[Saved entries]
··········

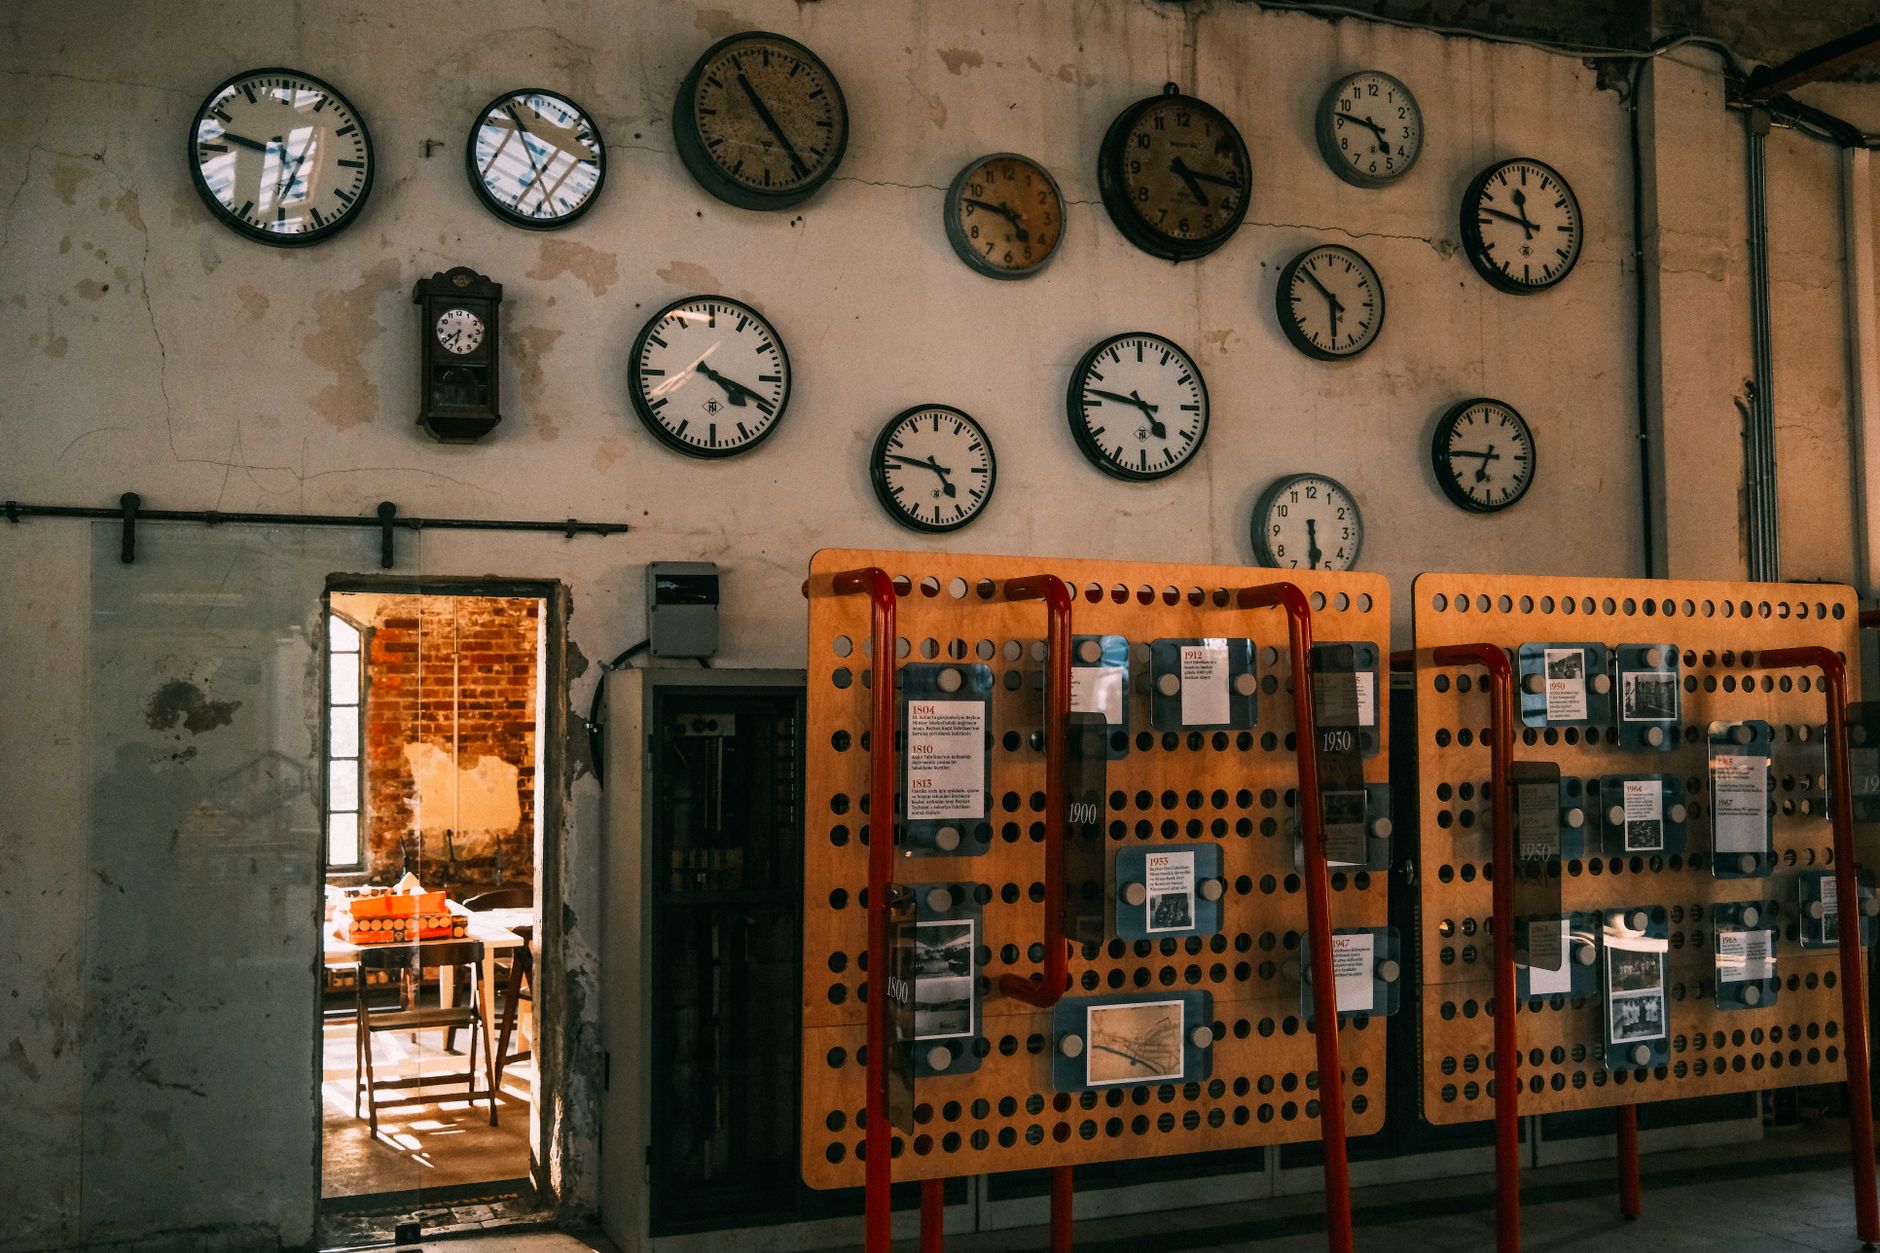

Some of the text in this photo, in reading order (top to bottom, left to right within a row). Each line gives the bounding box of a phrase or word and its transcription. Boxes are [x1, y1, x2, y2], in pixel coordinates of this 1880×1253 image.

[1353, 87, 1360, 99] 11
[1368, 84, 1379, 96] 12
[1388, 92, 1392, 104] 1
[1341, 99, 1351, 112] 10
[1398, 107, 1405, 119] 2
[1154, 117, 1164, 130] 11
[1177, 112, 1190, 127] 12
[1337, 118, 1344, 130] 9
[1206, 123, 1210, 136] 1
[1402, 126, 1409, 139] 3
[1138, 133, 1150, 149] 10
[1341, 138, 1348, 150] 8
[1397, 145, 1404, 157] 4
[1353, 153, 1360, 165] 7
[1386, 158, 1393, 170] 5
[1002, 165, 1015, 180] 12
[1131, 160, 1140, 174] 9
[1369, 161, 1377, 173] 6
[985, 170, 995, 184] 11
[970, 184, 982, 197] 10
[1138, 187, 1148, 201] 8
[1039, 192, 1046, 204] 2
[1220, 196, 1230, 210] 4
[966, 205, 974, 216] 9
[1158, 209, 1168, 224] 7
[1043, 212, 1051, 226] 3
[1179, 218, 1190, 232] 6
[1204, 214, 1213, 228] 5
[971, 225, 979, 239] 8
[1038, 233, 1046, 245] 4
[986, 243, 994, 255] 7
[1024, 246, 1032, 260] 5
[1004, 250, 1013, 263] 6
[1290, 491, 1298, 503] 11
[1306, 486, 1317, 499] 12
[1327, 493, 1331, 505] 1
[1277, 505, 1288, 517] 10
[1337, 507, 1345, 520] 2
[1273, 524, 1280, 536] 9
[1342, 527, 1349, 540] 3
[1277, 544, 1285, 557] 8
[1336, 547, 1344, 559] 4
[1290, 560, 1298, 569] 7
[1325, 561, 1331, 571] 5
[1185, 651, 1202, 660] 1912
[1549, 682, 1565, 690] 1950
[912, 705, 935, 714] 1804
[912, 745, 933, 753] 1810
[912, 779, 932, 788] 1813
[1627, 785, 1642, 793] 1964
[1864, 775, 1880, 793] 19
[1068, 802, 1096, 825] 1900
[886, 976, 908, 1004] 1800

··········

Work task — Please print the data above once more, exactly as it appears, with no pictures.

Solution —
Some of the text in this photo, in reading order (top to bottom, left to right within a row). Each line gives the bounding box of a phrase or word and its transcription. Boxes are [x1, y1, x2, y2], in pixel coordinates of this 1880×1253 image.

[1353, 87, 1360, 99] 11
[1368, 84, 1379, 96] 12
[1388, 92, 1392, 104] 1
[1341, 99, 1351, 112] 10
[1398, 107, 1405, 119] 2
[1154, 117, 1164, 130] 11
[1177, 112, 1190, 127] 12
[1337, 118, 1344, 130] 9
[1206, 123, 1210, 136] 1
[1402, 126, 1409, 139] 3
[1138, 133, 1150, 149] 10
[1341, 138, 1348, 150] 8
[1397, 145, 1404, 157] 4
[1353, 153, 1360, 165] 7
[1386, 158, 1393, 170] 5
[1002, 165, 1015, 180] 12
[1131, 160, 1140, 174] 9
[1369, 161, 1377, 173] 6
[985, 170, 995, 184] 11
[970, 184, 982, 197] 10
[1138, 187, 1148, 201] 8
[1039, 192, 1046, 204] 2
[1220, 196, 1230, 210] 4
[966, 205, 974, 216] 9
[1158, 209, 1168, 224] 7
[1043, 212, 1051, 226] 3
[1179, 218, 1190, 232] 6
[1204, 214, 1213, 228] 5
[971, 225, 979, 239] 8
[1038, 233, 1046, 245] 4
[986, 243, 994, 255] 7
[1024, 246, 1032, 260] 5
[1004, 250, 1013, 263] 6
[1290, 491, 1298, 503] 11
[1306, 486, 1317, 499] 12
[1327, 493, 1331, 505] 1
[1277, 505, 1288, 517] 10
[1337, 507, 1345, 520] 2
[1273, 524, 1280, 536] 9
[1342, 527, 1349, 540] 3
[1277, 544, 1285, 557] 8
[1336, 547, 1344, 559] 4
[1290, 560, 1298, 569] 7
[1325, 561, 1331, 571] 5
[1185, 651, 1202, 660] 1912
[1549, 682, 1565, 690] 1950
[912, 705, 935, 714] 1804
[912, 745, 933, 753] 1810
[912, 779, 932, 788] 1813
[1627, 785, 1642, 793] 1964
[1864, 775, 1880, 793] 19
[1068, 802, 1096, 825] 1900
[886, 976, 908, 1004] 1800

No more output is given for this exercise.